# Gas still rules!



## FRITZHID (Feb 8, 2017)

Yes, i know... LD and DPSS lasers have dominated the market but i still believe that gas lasers are by far the better laser, especially in the aesthetics dept...

That being said, i picked up this little gem about 2 yrs ago from an electronics graveyard for $20 but it lacked a PSU  ....





But a well known laser expert sent me this and it arrived this AM...




so now there's this beautiful HeNe discharge that just can't be beat, and the beam is stunning as always with hene...




and of course, the spectral...






after dark, i'll see about some beam shots.


----------



## BVH (Feb 8, 2017)

ooouuuuuuu aaaaawwwwwgh Purdy!


----------



## FRITZHID (Feb 14, 2017)

25' beam shot


----------



## FRITZHID (Apr 15, 2017)

https://www.youtube.com/watch?v=p6AZZn-3kJg&t=51s


----------



## Dr. Mario (Apr 16, 2017)

FRITZHID, now that's some Helium-Neon laser. I am also surprised that this laser is still functional, as it looks to be made in 70s - 80s. (Ancient Helium-Neon laser tubes tend to be built the weird way as you can notice when comparing this ancient laser tube with modern barcode tubes - nevertheless, it makes for some pretty interesting neon sign in a way. Also, soft-sealed laser tubes tend to die much faster than hard-sealed ones, however yours seem to be vacuum-fit, meaning the seal was formed between perfectly ground tube end and mirror or brewster angle plate in a way they're cold-welded together, which explains its longevity.)

Even though DPSS and laser diodes have conquered the markets, there's still huge markets for gas lasers owing to their characteristics which still makes them attractive, such as time domain stability (spectrum width and coherence length) which is still way better than laser diodes, except for some very expensive VCSEL diodes. That said, I have a few very small Helium-Neon laser tubes (Melles Griot 05-LHR-640), and they are a rather nifty demonstration of optical physics by themselves. I wish I would have a small laser inverter power supply to be powered by a single high-drain Lithium-ion battery - I might have to make one though.


----------



## FRITZHID (Apr 16, 2017)

Yeah, she's my "glass work" baby.... So beautiful to look at whilst running. (Glad she doesn't hog the dryer outlet like my Ar/Kr!)


----------



## Dr. Mario (Apr 16, 2017)

It certainly is.
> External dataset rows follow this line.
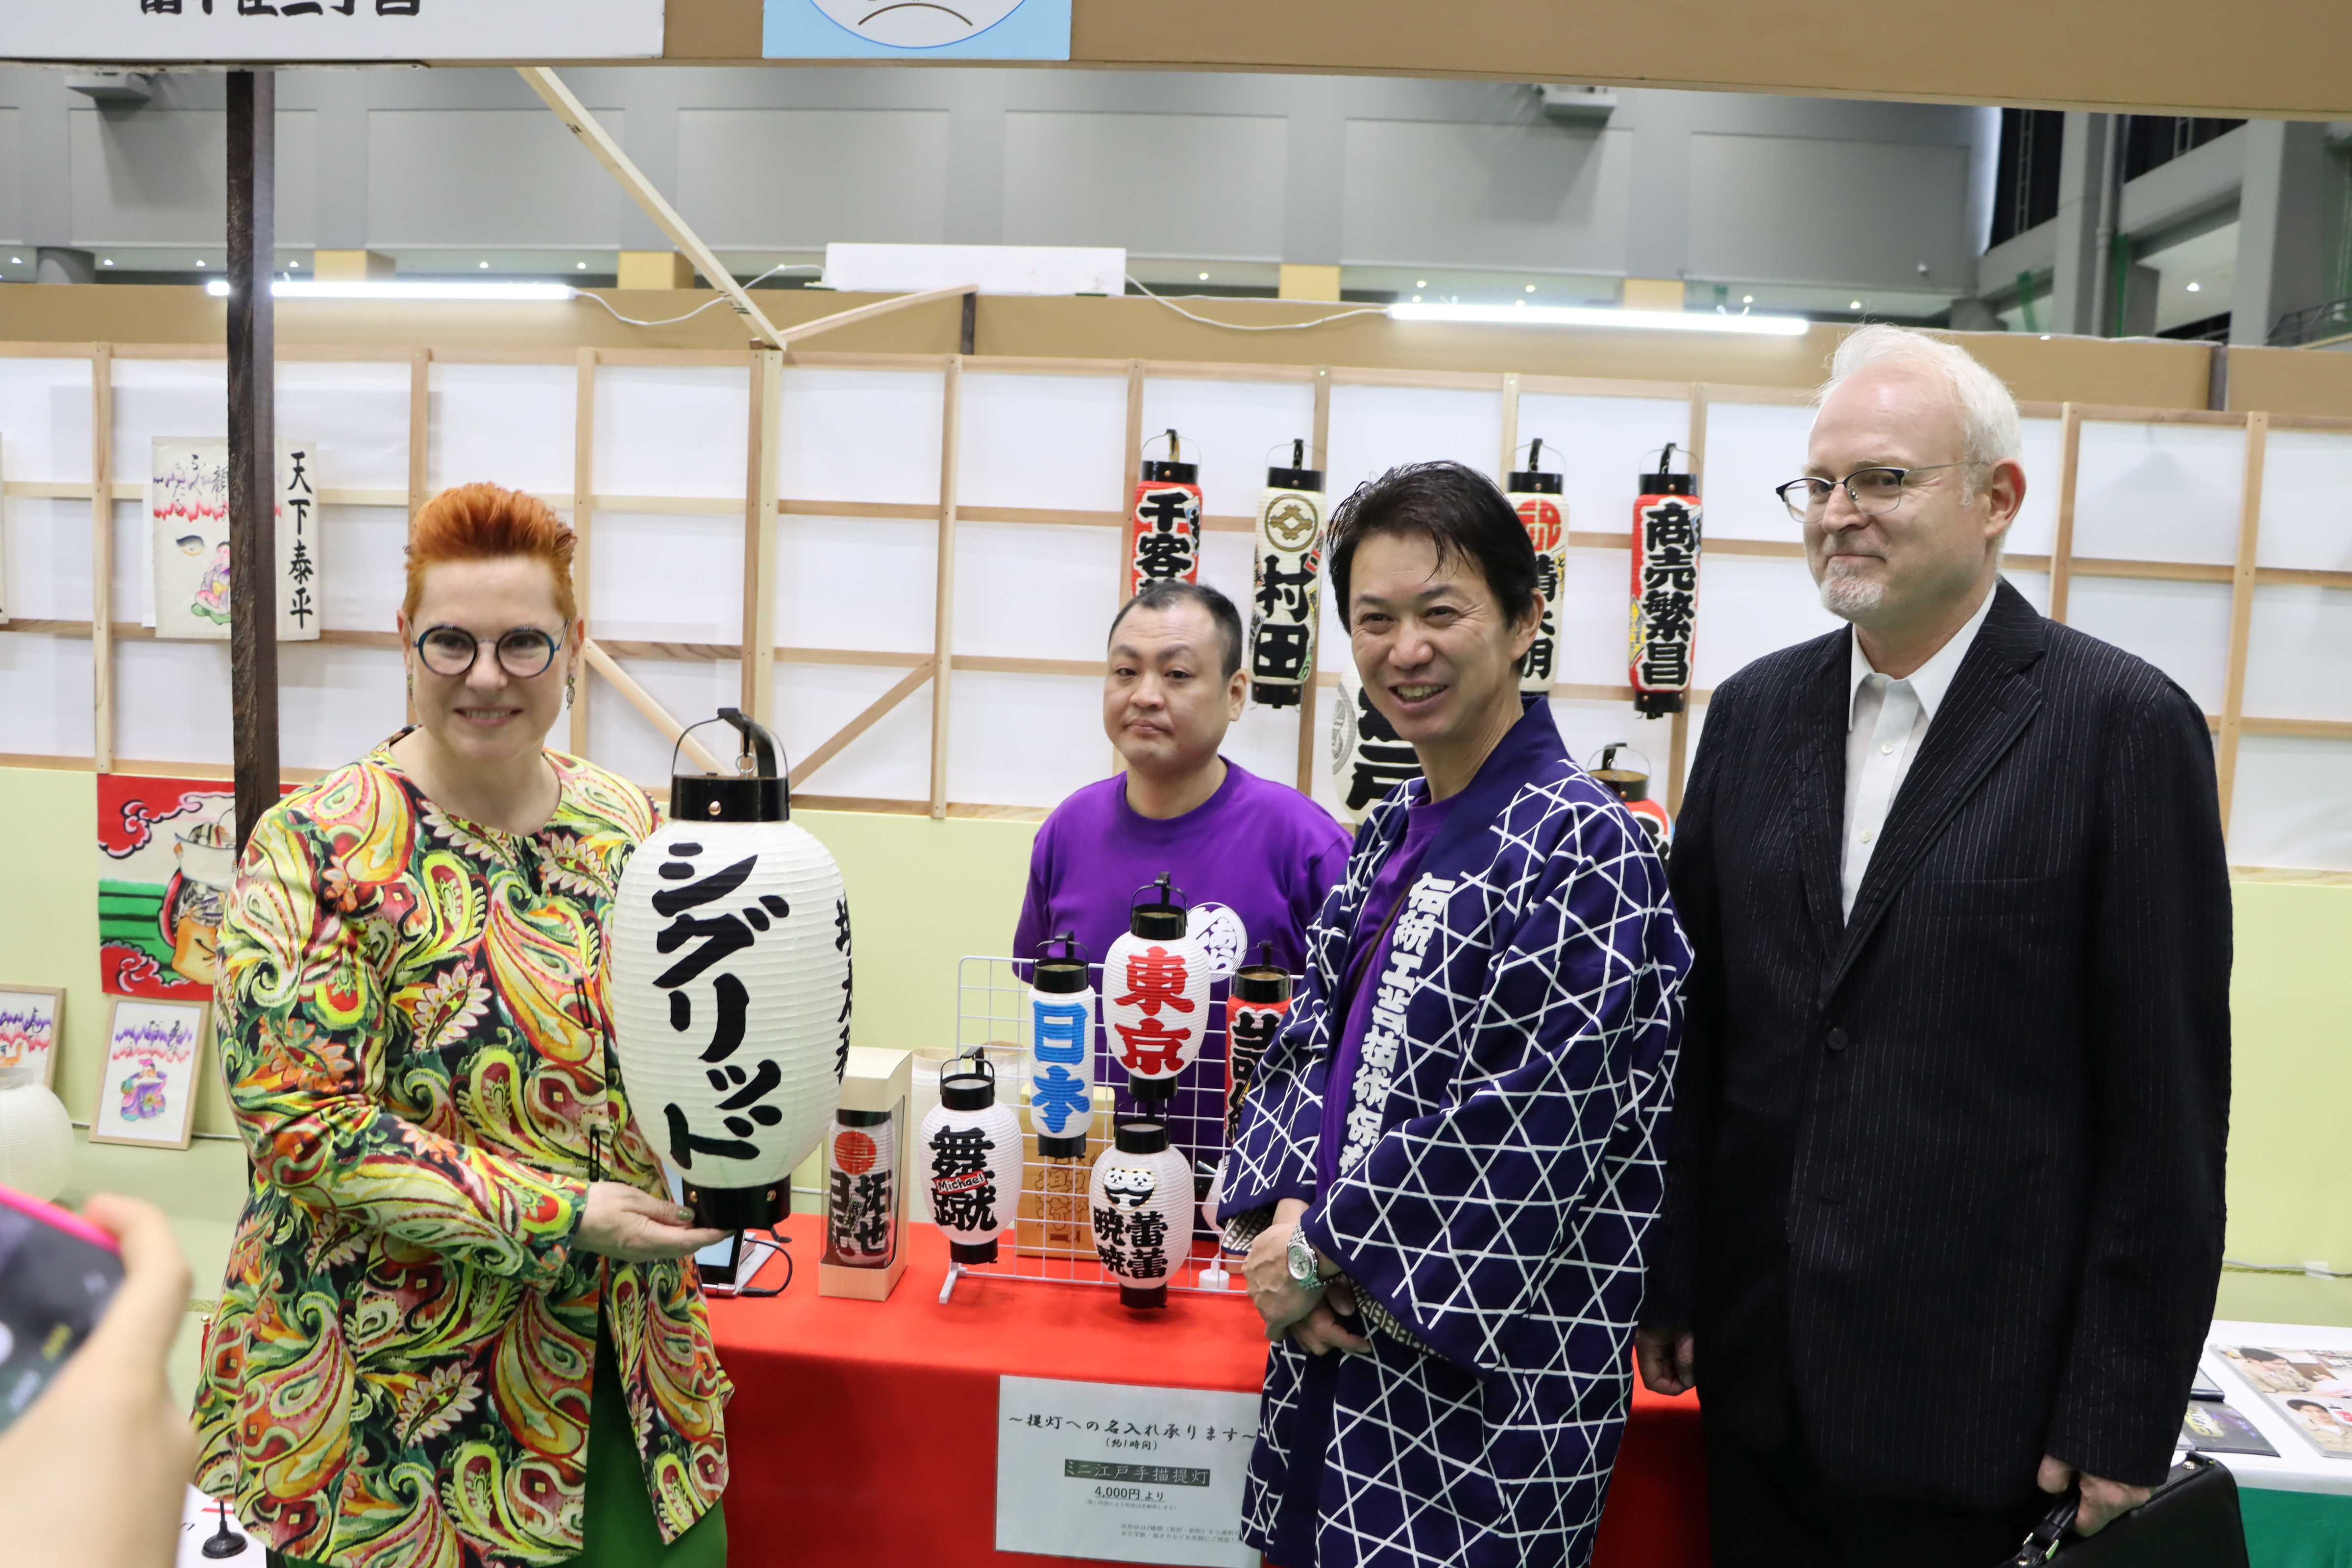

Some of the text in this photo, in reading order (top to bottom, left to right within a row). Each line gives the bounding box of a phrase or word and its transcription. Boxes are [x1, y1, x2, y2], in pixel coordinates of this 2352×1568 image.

[288, 451, 314, 629] 天下泰平
[1135, 492, 1193, 588] 千客
[1642, 502, 1696, 686] 商売繁昌
[1252, 555, 1310, 680] 村田
[652, 842, 789, 1170] シグリッド
[1031, 1001, 1090, 1133] 日本
[1113, 946, 1195, 1075] 東京
[937, 1174, 984, 1191] Michael
[1067, 1460, 1208, 1485] ミニ江戸手描提灯
The nice thing about Helium-Neon lasers is that they're efficient in comparison to Argon-ion lasers, which is nice because you don't have to worry too much about the electrical and cooling requirement (except for some extremely rare monster Helium-Neon lasers).


----------



## FRITZHID (Apr 16, 2017)

True. Personally, I love this laser for the fact that it's very easy to use as teaching aid... On many levels. ....and it's beam is so f'n clean! I put any bare laser to compete! Lol


----------



## Dr. Mario (Apr 16, 2017)

Yup - it's popular for usage as a teaching aid - if you have access to the external cavity Helium-Neon laser as those used in the medical Raman spectrography machine, you can do some nifty optical tricks with it (such as multiple brewster plates between the laser output end and output mirror - when you have set up enough of them the right way, it will resume lasing as if the plates aren't there). 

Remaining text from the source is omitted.